All Products
Search
Document Center

Platform For AI:FAQ about Model Gallery

Last Updated:Mar 05, 2025

This topic provides answers to some frequently asked questions about deploying or fine-tuning a trained model in Model Gallery.

How do I identify the root cause of a training job failure?

A training job may fail due to various causes, such as invalid dataset formats. You can use the following methods to troubleshoot the failure:

  • View the task diagnosis. Perform the following steps: On the Job Management page, click Training jobs and then click the name of the job that you want to view. On the Task details tab, move the pointer over Failure to view the error message.

    image

  • To view task logs, perform the following steps: On the Job Management page, click Training jobs and then click the name of the job that you want to view. On the Task log tab, view the error messages.

    image

    The following table describes the error messages and the corresponding solutions.

    Error type

    Error message

    Solution

    Input and output-related errors

    ValueError: output channel ${your OSS uri} must be directory

    Check whether the output path of the training is a folder. The output path must be a folder.

    ValueError: train must be a file

    Check whether the selected input path is a file. The input path must be a file.

    FileNotFoundError

    Check whether the selected input path contains a file that meets the requirements.

    JSONDecodeError

    Check whether the format of the input JSON file is correct.

    ValueError: Input data must be a json file or a jsonl file!

    Check whether the input file is valid. Only JSON and JSONL files are supported.

    KeyError: ${some key name}

    In most cases, this error occurs when the training dataset file that you use is in the JSON format. Check whether the key-value pairs in the training dataset file meet the model requirements. For information about the requirements, see the model description page.

    ValueError: Unrecognized model in /ml/input/data/model/.

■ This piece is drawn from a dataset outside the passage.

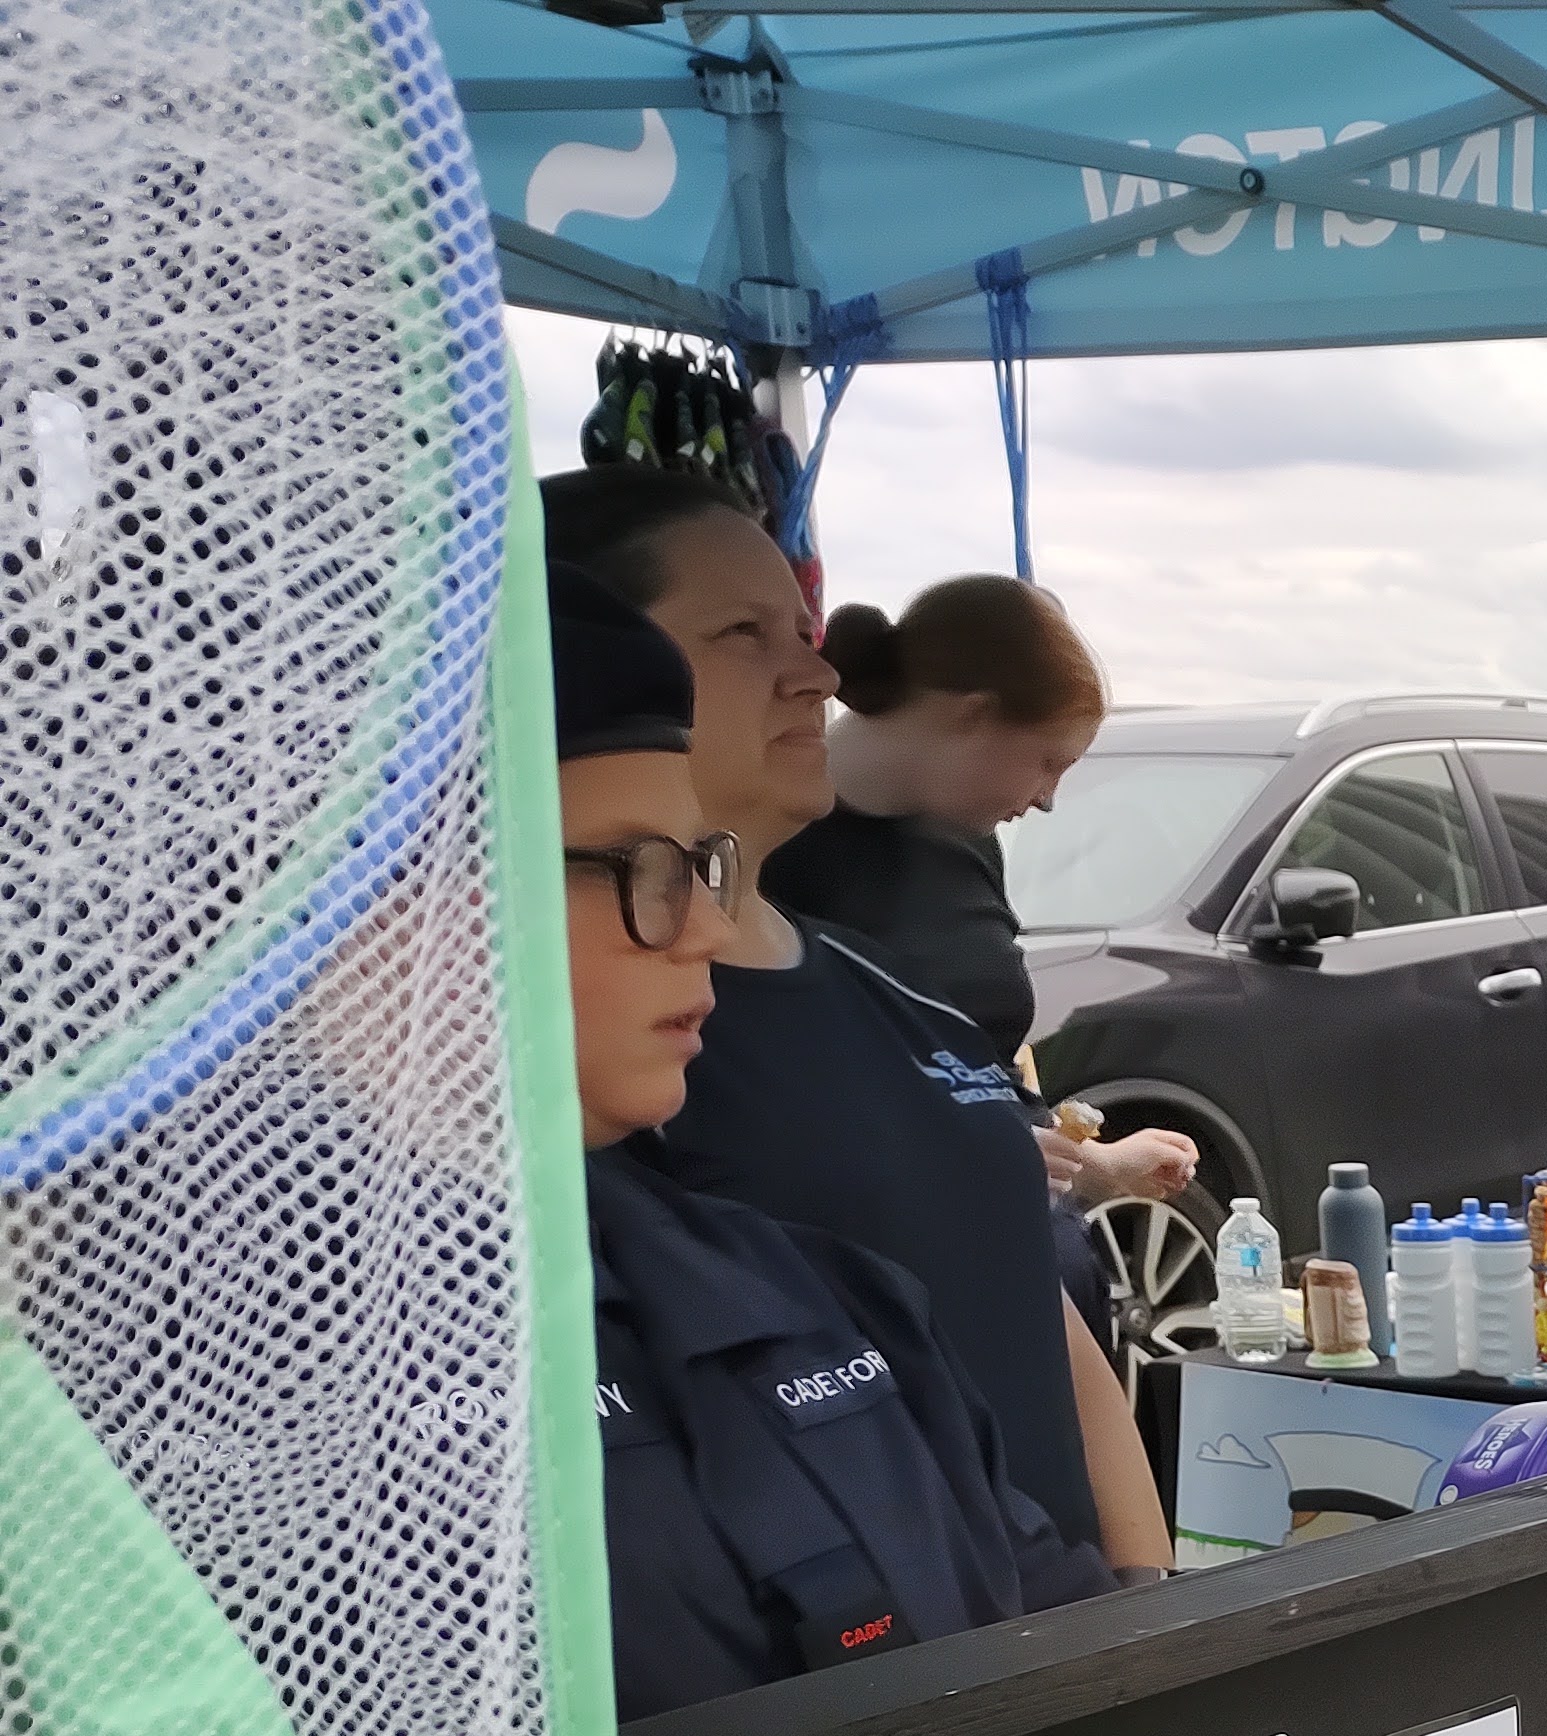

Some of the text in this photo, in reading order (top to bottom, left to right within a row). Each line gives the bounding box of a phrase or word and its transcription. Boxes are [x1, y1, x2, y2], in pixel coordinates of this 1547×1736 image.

[775, 1350, 891, 1409] CADET FOR
[1474, 1418, 1528, 1470] HEROES
[841, 1613, 893, 1648] CADET

    PyTorch cannot recognize the provided model file.

    UnicodeDecoderError

    Check whether the encoding format of the input file is valid.

    Input/output error

    Check the read permission of the input path and the read/write permission of the output path.

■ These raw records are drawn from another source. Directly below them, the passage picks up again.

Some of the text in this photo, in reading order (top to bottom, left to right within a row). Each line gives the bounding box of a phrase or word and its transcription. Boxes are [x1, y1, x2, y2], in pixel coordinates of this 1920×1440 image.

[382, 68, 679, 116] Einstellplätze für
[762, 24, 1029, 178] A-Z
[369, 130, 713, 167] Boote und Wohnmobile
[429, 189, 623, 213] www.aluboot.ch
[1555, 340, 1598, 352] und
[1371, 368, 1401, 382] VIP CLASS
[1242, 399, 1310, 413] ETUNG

    NotADirectoryError: [Errno 20] Not a directory:

    Check whether the input or output path is a folder.

    Hyperparameter-related errors

    ERROR: torch.distributed.elastic.multiprocessing.api:failed (exitcode: -9) local_rank: 0 (pid: 51) of binary: /usr/bin/python (no subprocess-related logs)

    The current model has insufficient memory and Out of Memory (OOM) occurs when the model is loaded. Select a model that has a larger memory size.

    torch.cuda.OutOfMemoryError: CUDA out of memory

    The GPU memory of the current instance is insufficient. Select a GPU-accelerated instance that has a larger GPU memory size or modify the configuration of related hyperparameters, such as, lora dim, or batch size, to reduce the required GPU memory.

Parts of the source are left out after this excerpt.